Esiste un principio secondo il quale le radici danno linfa, solidità del tronco di un albero e i rami con le foglie forniscono il giusto equilibrio energetico per tutelare il sistema vitale.

Se si comprende questo principio, si è in grado di dedicarsi a progetti di una tutela condivisa, altrimenti si finisce di emulare modelli alloctoni che non hanno alcuna referenza, per sostenere nel tempo, la solidità di un idioma privo di segni e tomi condivisi.

Il dato, lascia a dir poco perplessi, se non basiti, vista la distrazione storica degli addetti, nel tralasciare elementi fondamentali, per una ricerca svolta secondo i canoni della progettualità.

Essi sono la fase: ricerca, preliminare, definitiva e in ultimo l’innalzamento esecutivo sul territorio.
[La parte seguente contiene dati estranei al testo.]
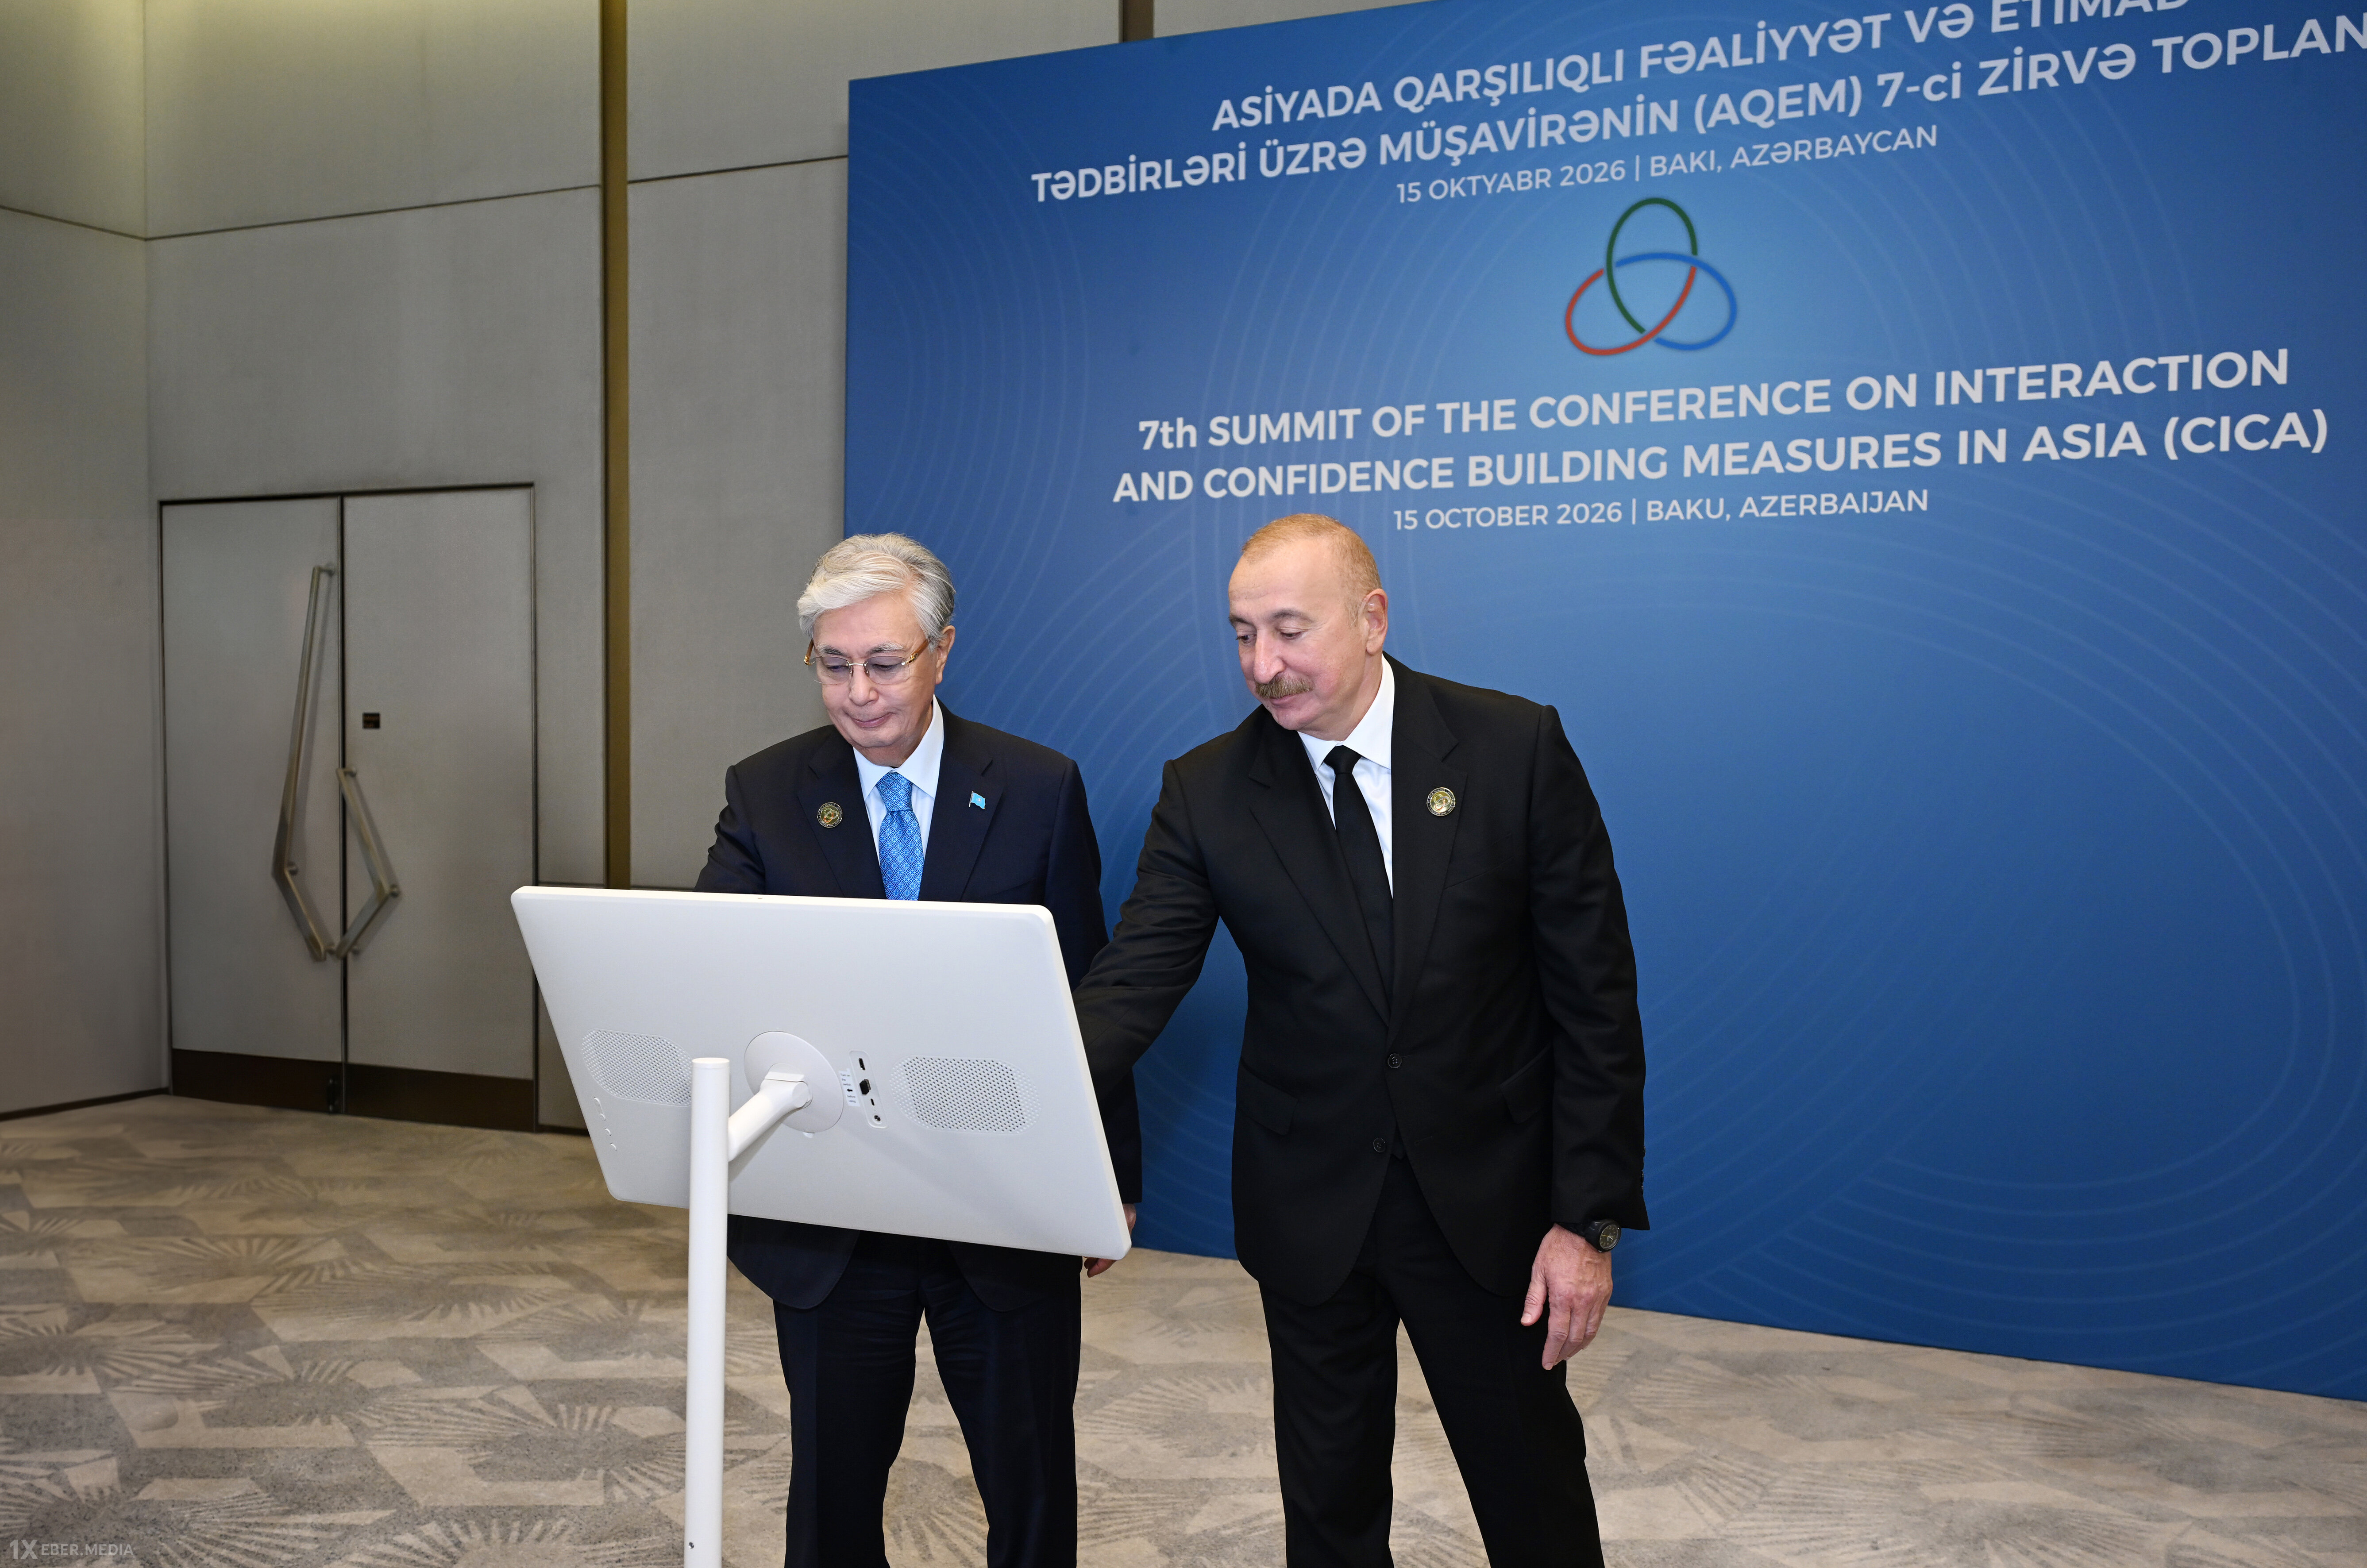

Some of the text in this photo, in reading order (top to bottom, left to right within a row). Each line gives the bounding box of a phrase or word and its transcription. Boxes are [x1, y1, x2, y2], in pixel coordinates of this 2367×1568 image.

Quanti sino a oggi si sono adoperato per produrre elementi utili in campo linguistico, letterario, storico, sociale, antropologico, urbanistico e architettonico, all’interno della regione storica arbëreshë,  senza seguire i protocolli storici, non ha fatto altro che produrre inutili focolai di contaminazione.
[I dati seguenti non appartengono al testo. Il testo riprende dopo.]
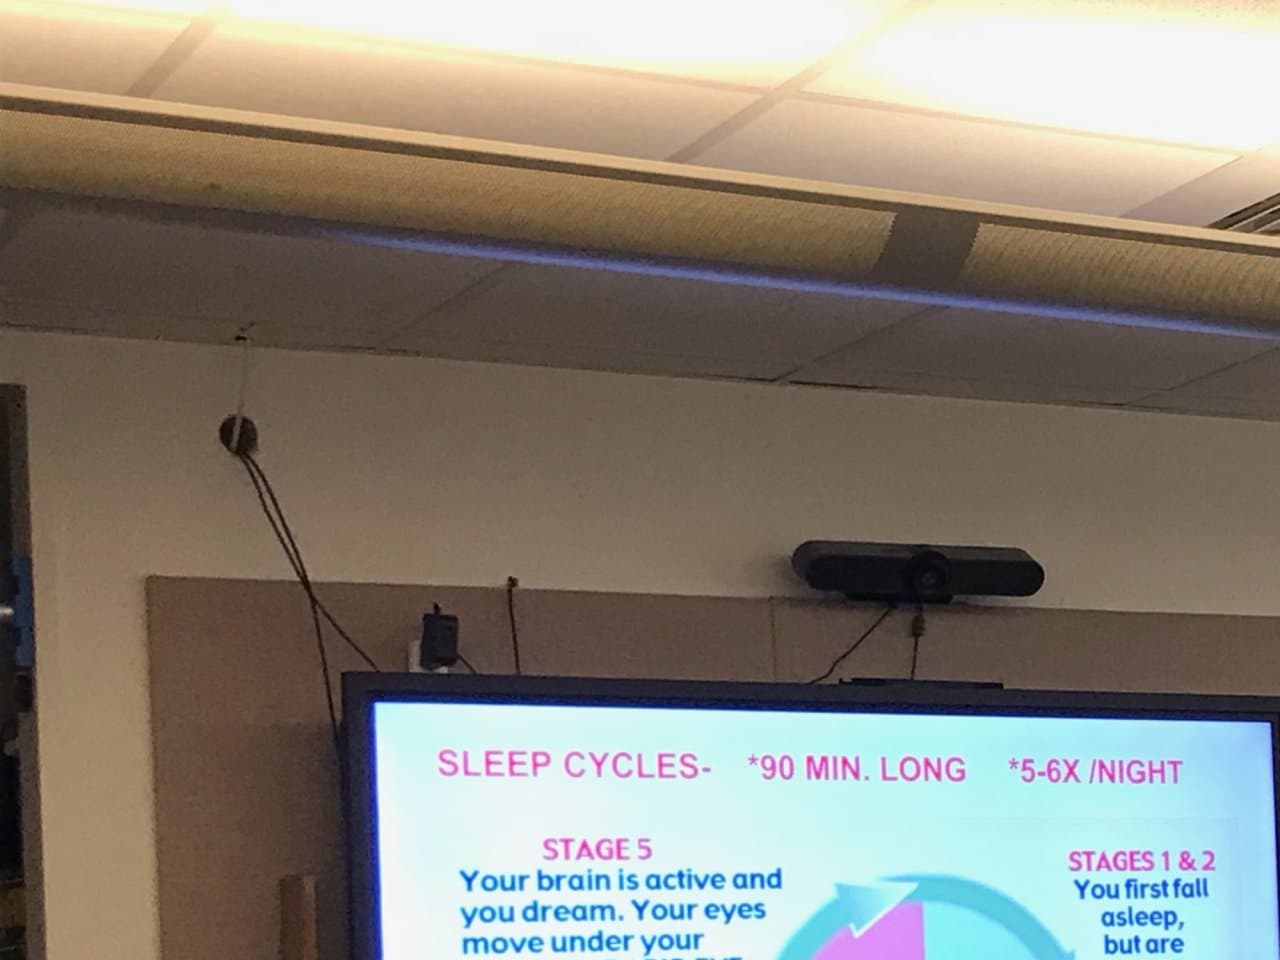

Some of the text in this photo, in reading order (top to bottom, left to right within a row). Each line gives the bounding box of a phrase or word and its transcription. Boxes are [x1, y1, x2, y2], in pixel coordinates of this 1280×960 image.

[438, 749, 551, 777] SLEEP
[564, 751, 711, 779] CYCLES-
[805, 756, 871, 781] MIN.
[880, 756, 967, 781] LONG
[1088, 759, 1183, 784] /NIGHT
[542, 838, 653, 860] STAGE 5
[1068, 850, 1216, 872] STAGES 1 & 2
[459, 867, 783, 892] Your brain is active and
[1073, 877, 1209, 900] You first fall
[460, 900, 767, 928] you dream. Your eyes
[1101, 907, 1185, 931] asleep,
[462, 930, 704, 957] move under your
[1104, 934, 1185, 955] but are
Come si può ritenere utile o legare le caratteristiche di una popolazione che tramanda il proprio essere con la sola forma orale, immaginando come legante della regione storica dove essi vivono le favole del focolare.

Una teoria priva di senso, che se mai voglia essere per pena, presa in considerazione può assumere eventualmente il ruolo di ambito “ultra, ulteriore”, il che la pone molto distante dal “citeriore“ di una lingua antica.

Una lingua per essere analizzata compresa ed eventualmente tutelata, la si deve scanzire iniziando da presupposti storico identitari, per poi muoversi secondo le tematiche di progetto; avendo come prioritari la figura umana e l’ambiente?, mi spiego; se una radice linguistica si vuole attribuire a una minoranza storica, essa deve partire non dai racconti del focolare che è un adempimento di necessità secondario e ben lontano dalla sua origine, ovvero, la descrizione e al modo di appellare il corpo umano; Apparati, Organi e Sistemi, ben legati alle opportunità che offre l’ambiente naturale per la sopravvivenza”.

Una teoria che nasce secondo i canoni storici del progetto e in specie gli architetti adoperano e senza di esse non segnano arche, per evitare sconcertanti e inopportuni adempimenti, a favore degli usufruitori, per evitare di  rendergli nuove pene e disagi.

Questa è la radice, questo è il suo cuore, questi sono i suoi sensi di origine, le favole e le altre musiche culturali, lasciamole a quanti fanno valje in forma di ballo, gjitonie come il vicinato, rioni e quartieri, immaginando ancora che gli Arbëreshë sono gli odierni Albanesi e non non sanno dei valorosi Arbanon.